What the exercise asks: Every line below is to be copied exactly, with the pictures left out.
========
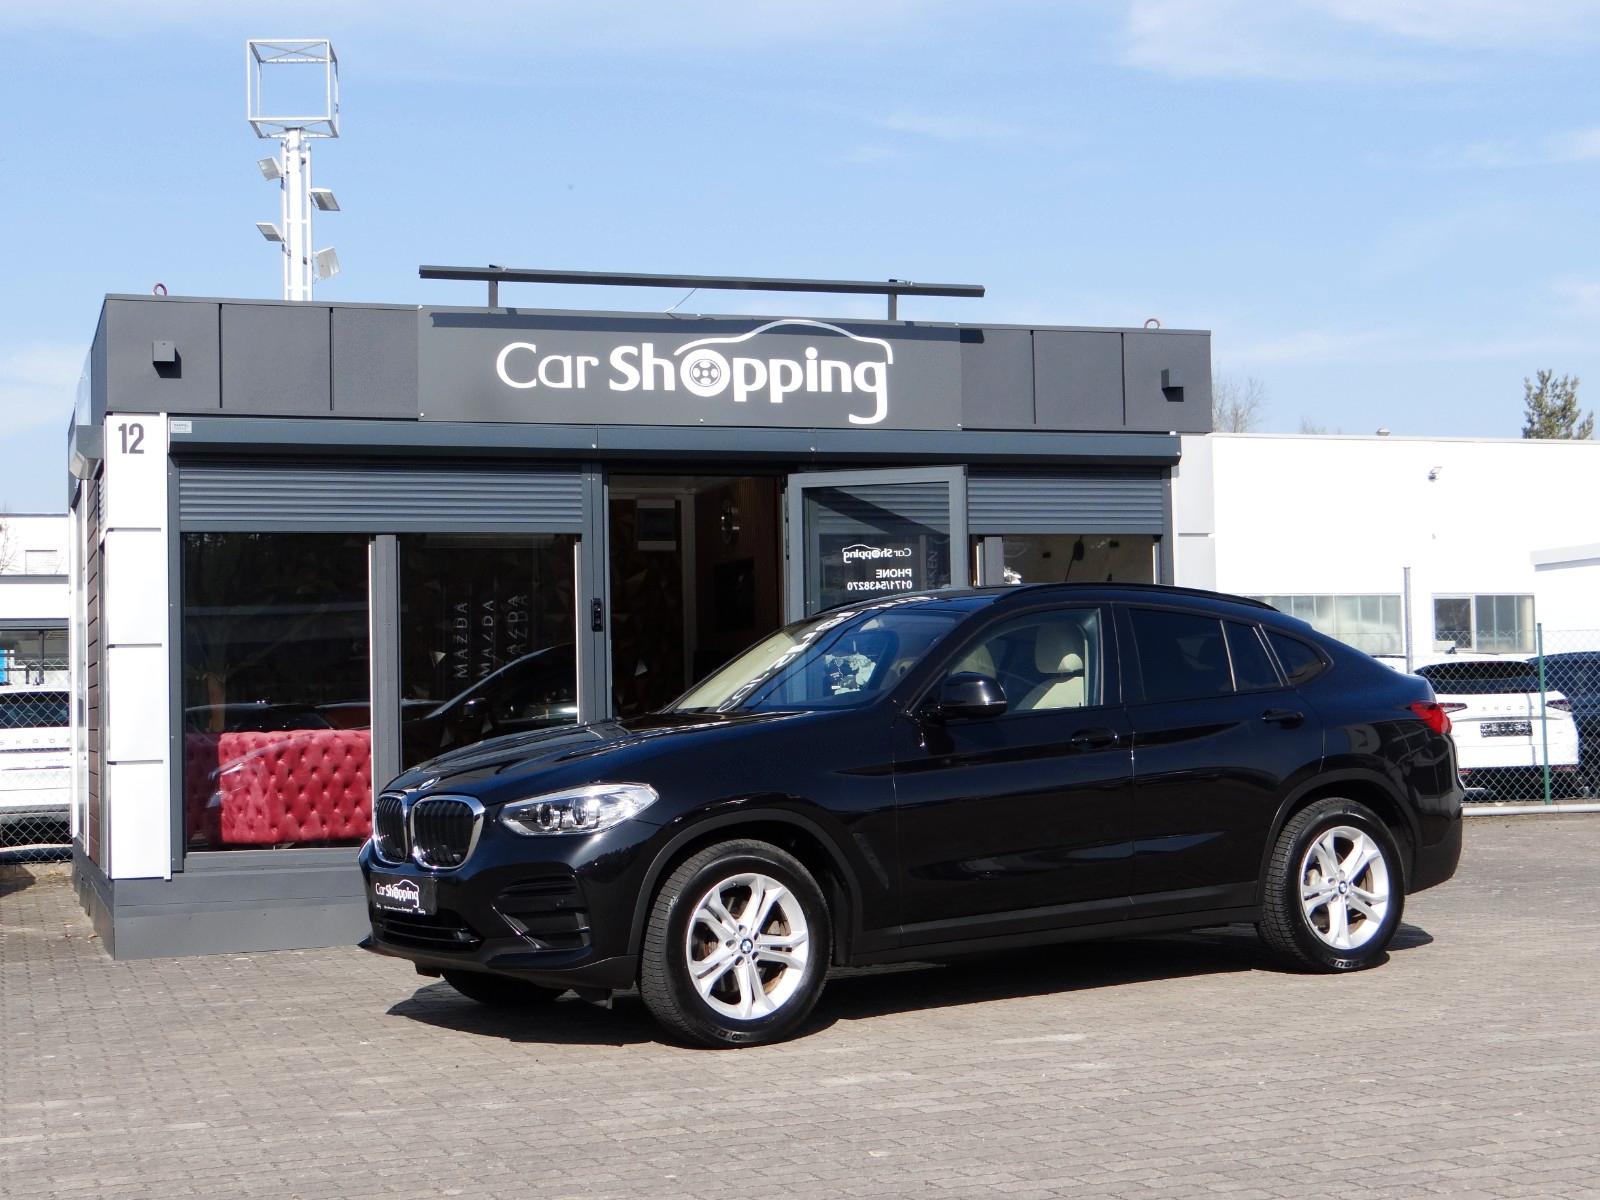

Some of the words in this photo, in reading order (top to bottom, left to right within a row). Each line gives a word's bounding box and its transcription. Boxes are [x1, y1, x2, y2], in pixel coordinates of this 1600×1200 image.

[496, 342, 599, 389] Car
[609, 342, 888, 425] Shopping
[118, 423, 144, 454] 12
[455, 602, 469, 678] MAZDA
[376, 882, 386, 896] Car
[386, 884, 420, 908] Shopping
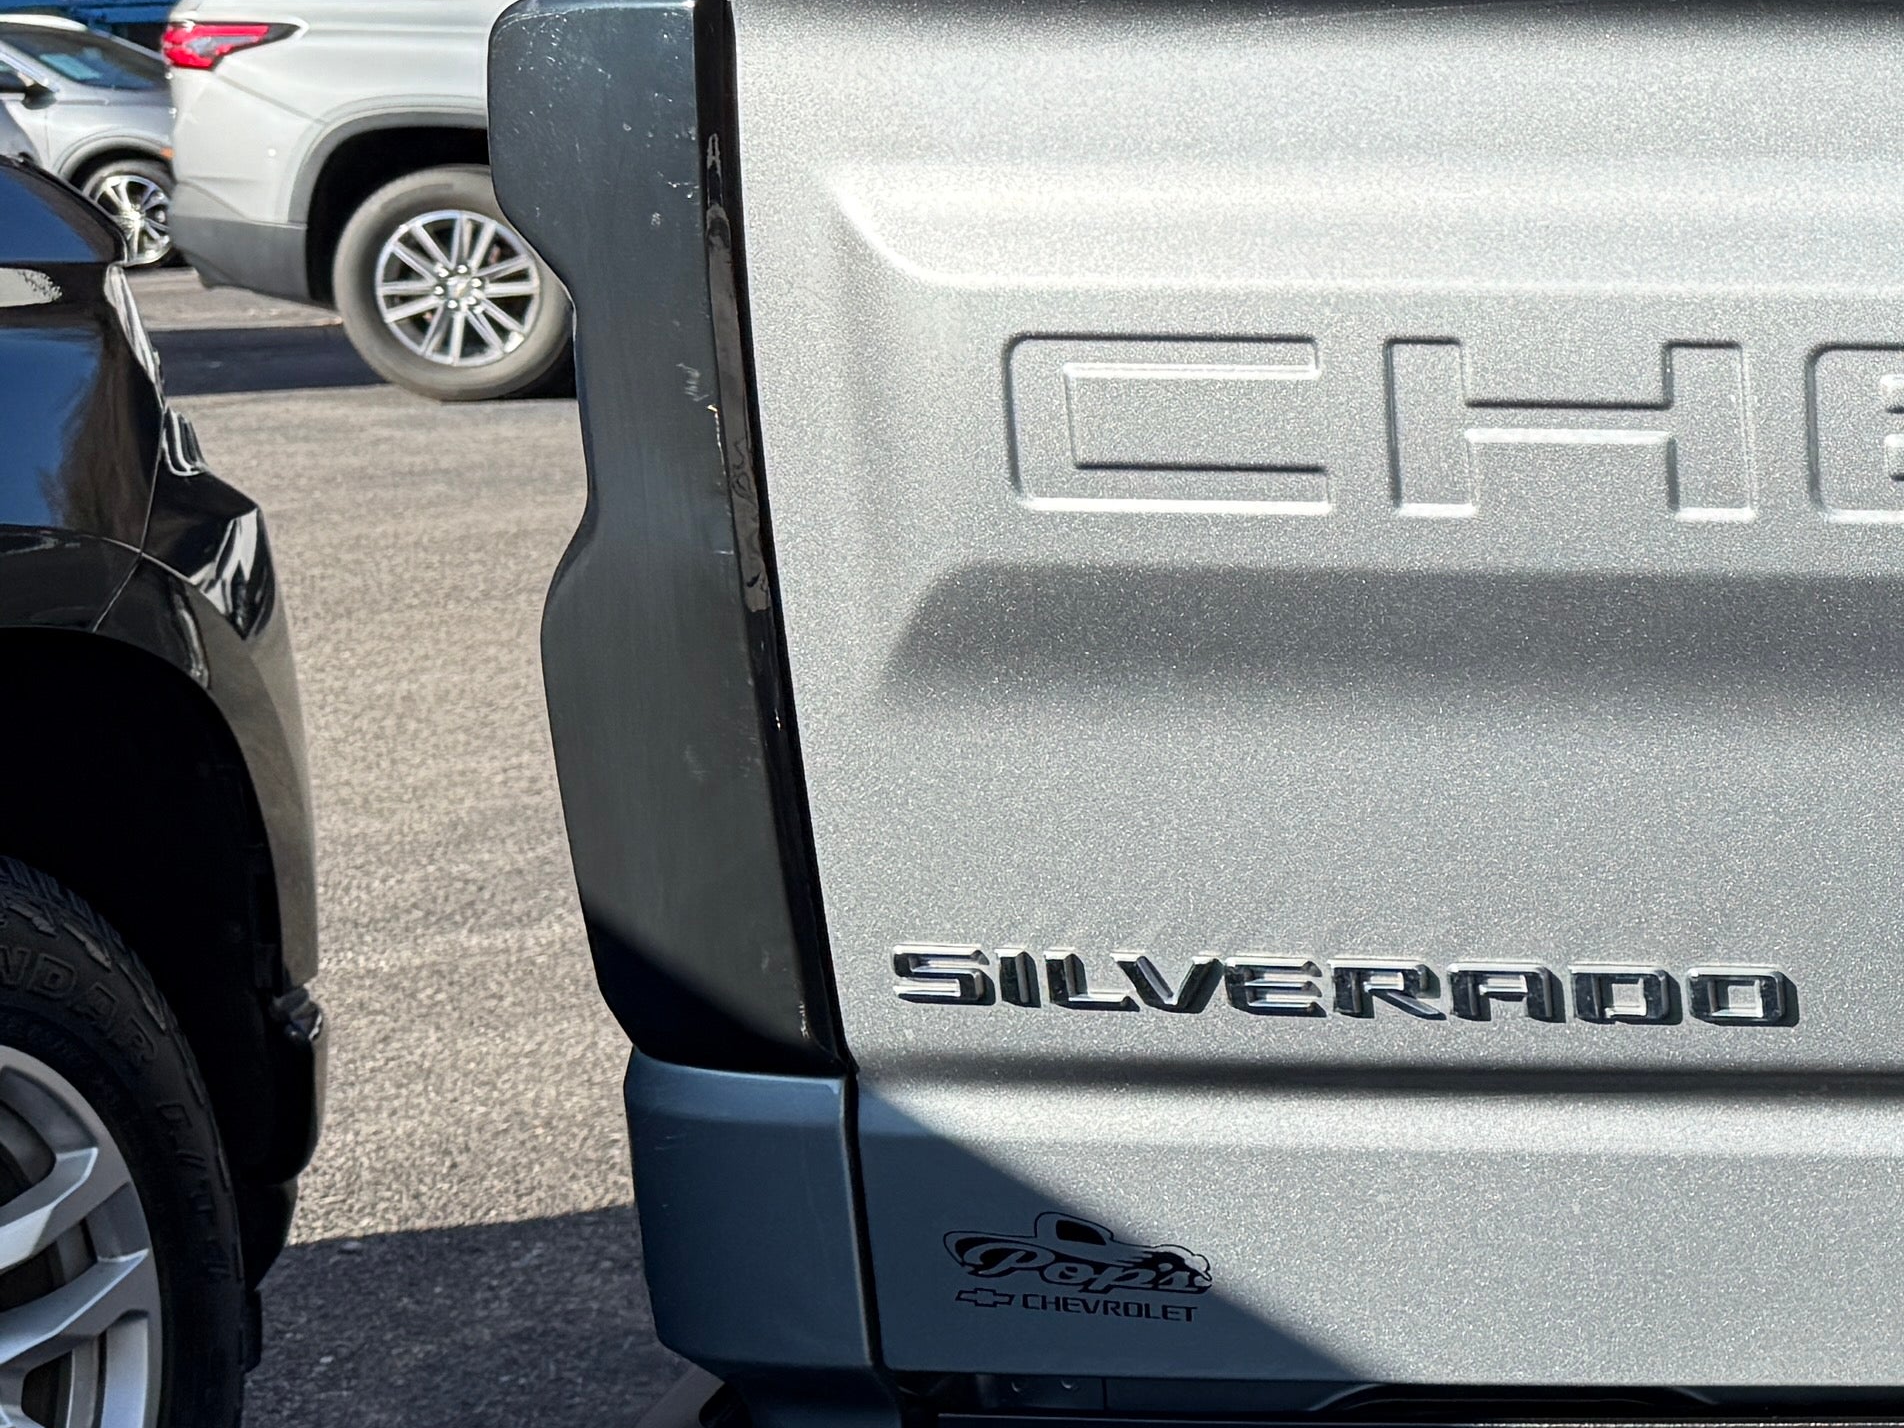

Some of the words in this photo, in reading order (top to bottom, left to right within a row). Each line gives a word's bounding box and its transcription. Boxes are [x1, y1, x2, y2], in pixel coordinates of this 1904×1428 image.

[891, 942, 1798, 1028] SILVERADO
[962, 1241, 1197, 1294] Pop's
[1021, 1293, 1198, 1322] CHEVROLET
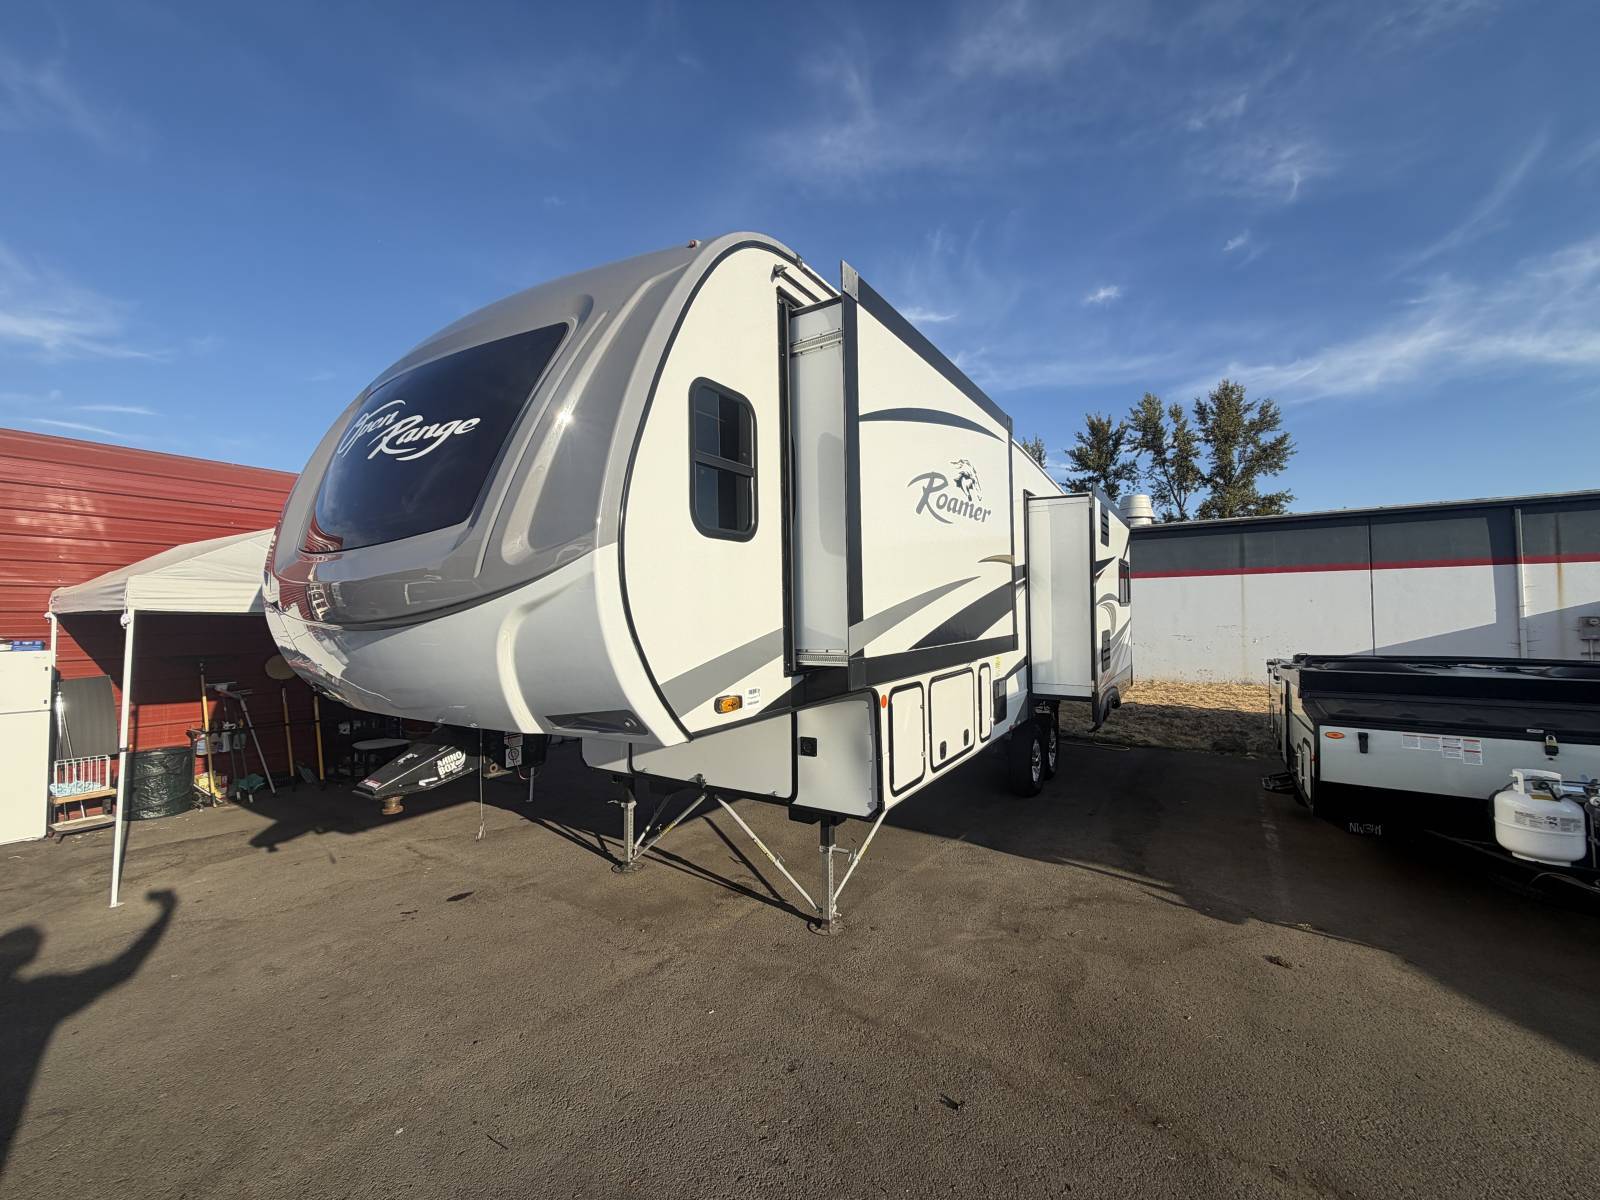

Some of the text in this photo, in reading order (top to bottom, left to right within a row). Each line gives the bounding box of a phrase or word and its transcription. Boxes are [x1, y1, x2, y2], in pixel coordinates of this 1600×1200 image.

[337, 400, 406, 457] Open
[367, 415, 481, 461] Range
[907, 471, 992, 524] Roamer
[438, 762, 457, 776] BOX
========
Written reply:
Some of the words in this photo, in reading order (top to bottom, left to right within a row). Each line gives a word's bounding box and its transcription. Boxes are [x1, y1, x2, y2], in pixel coordinates of this 1600×1200 image.

[496, 342, 599, 389] Car
[609, 342, 888, 425] Shopping
[118, 423, 144, 454] 12
[455, 602, 469, 678] MAZDA
[376, 882, 386, 896] Car
[386, 884, 420, 908] Shopping

Some of the words in this photo, in reading order (top to bottom, left to right within a row). Each line gives a word's bounding box and its transcription. Boxes are [x1, y1, x2, y2], in pixel coordinates of this 1904×1428 image.

[891, 942, 1798, 1028] SILVERADO
[962, 1241, 1197, 1294] Pop's
[1021, 1293, 1198, 1322] CHEVROLET

Some of the text in this photo, in reading order (top to bottom, left to right within a row). Each line gives the bounding box of a phrase or word and its transcription. Boxes are [x1, y1, x2, y2], in pixel coordinates of this 1600×1200 image.

[337, 400, 406, 457] Open
[367, 415, 481, 461] Range
[907, 471, 992, 524] Roamer
[438, 762, 457, 776] BOX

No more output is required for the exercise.